Music News: DaBaby Brought Tory Lanez Onstage at Rolling Loud a shoe is thrown & goes on a "homophobic" rant UPDATE: TI chimed in!

This shit has gotten out of hand! He never used and derogatory words. He said niggas sucking dick in the parking lot. He didn't even say the word faggot. Funny how everybody wants to use the black power movement as their crutch. White women did it with affirmative action in the 1960s and fagsters in the 2020s. Any black woman supporting fag deserve to experience misogyny at its highest form.
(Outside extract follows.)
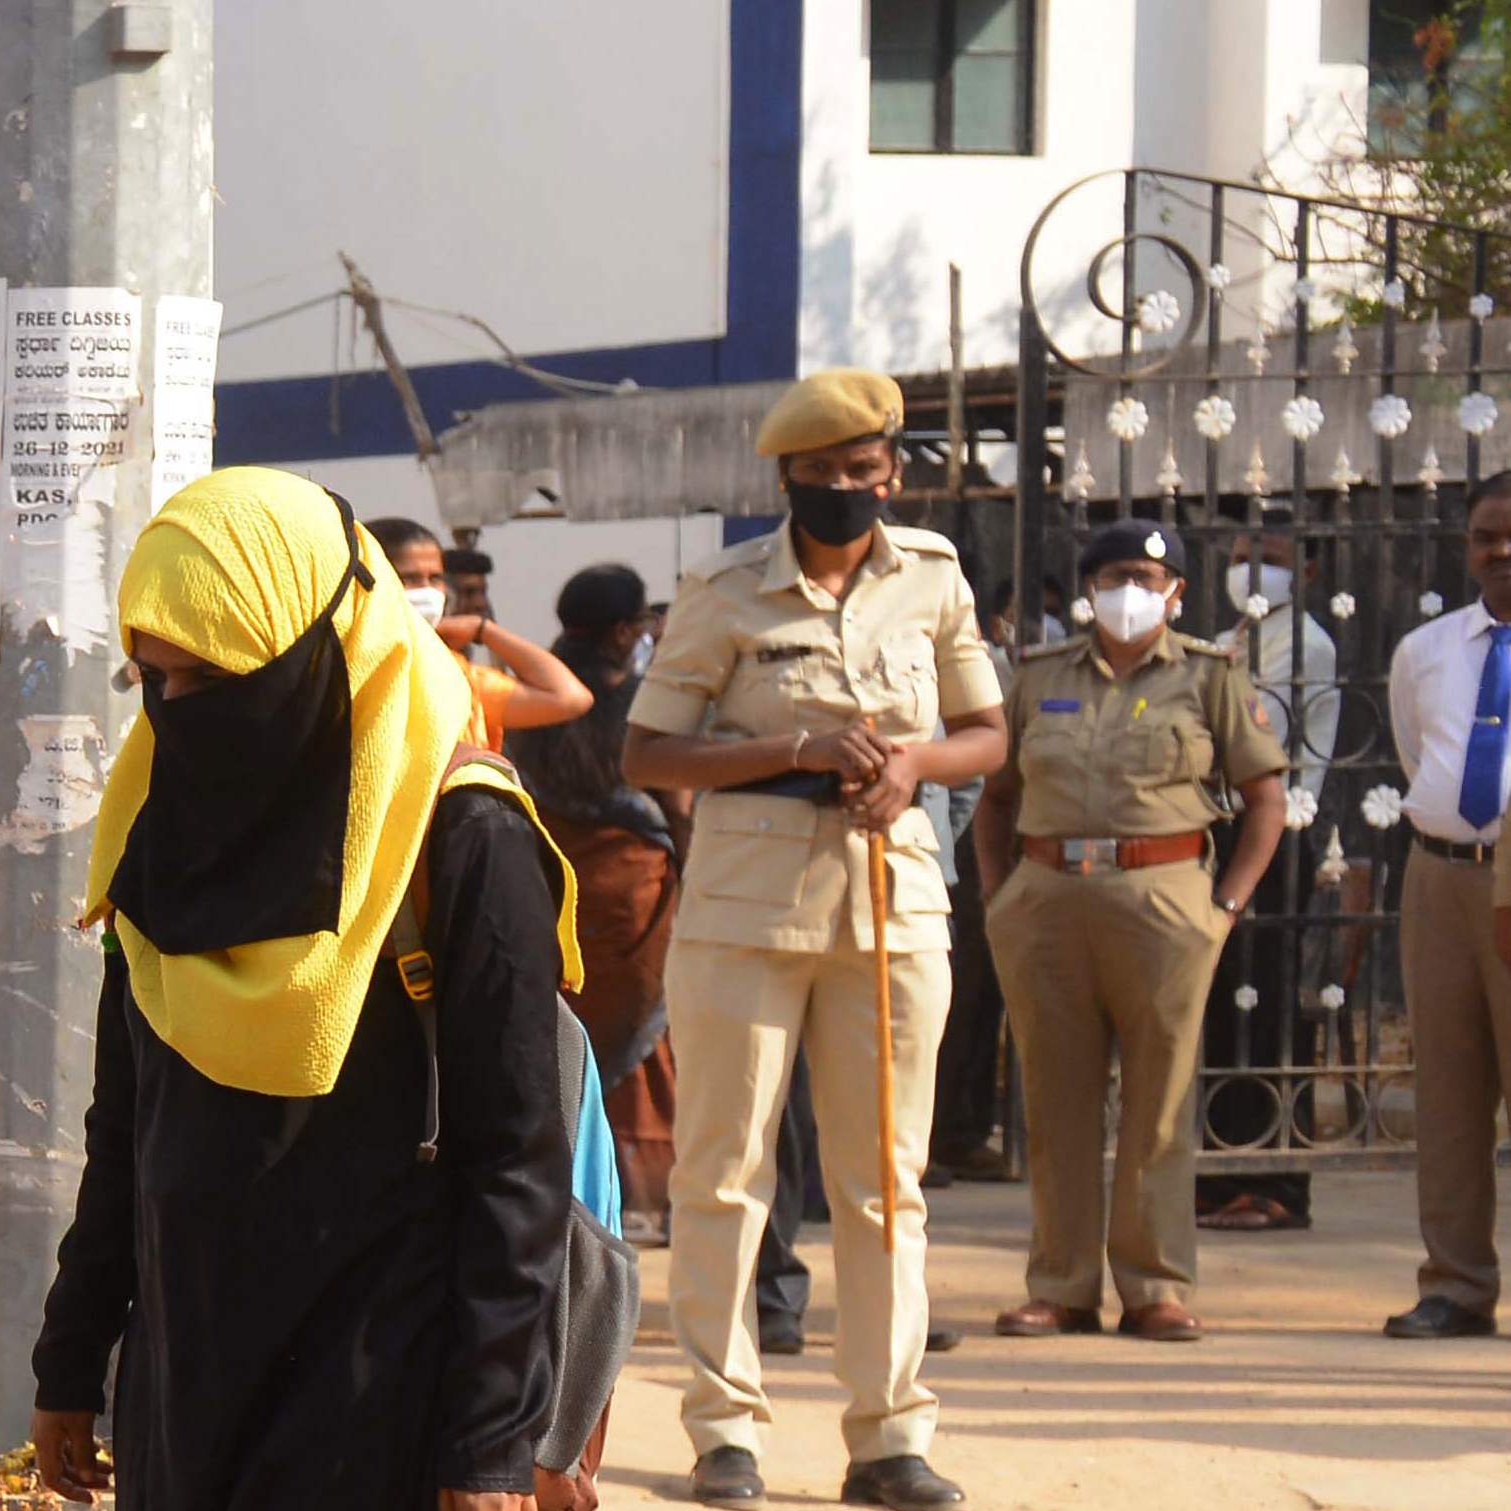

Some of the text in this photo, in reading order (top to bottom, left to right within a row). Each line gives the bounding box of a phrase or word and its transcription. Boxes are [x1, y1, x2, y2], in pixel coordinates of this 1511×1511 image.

Questlove is a dickhead anyway. Why put Da Baby in your summer playlist when you have been promoting "real hip hop" for the last 25 years? Then you get outraged a whole week later. I always hated this nigga because it looks like he stinks. Everybody know a nigga like this who wears the corny $40 selection of Nikes or New Balances and their body always fucking stinks with dirty finger nails. He also looks like the type of nigga to eat every pussy he fucks because his out of shape ass suffers from erectile dysfunction.

Rant over.....

Da Baby......is that you??? Damn son!!
 


T.I. subsequently supported DaBaby in a video posted on social media, which equated the rapper’s comments during his set with Lil Nas X‘s openness about his sexuality in his music.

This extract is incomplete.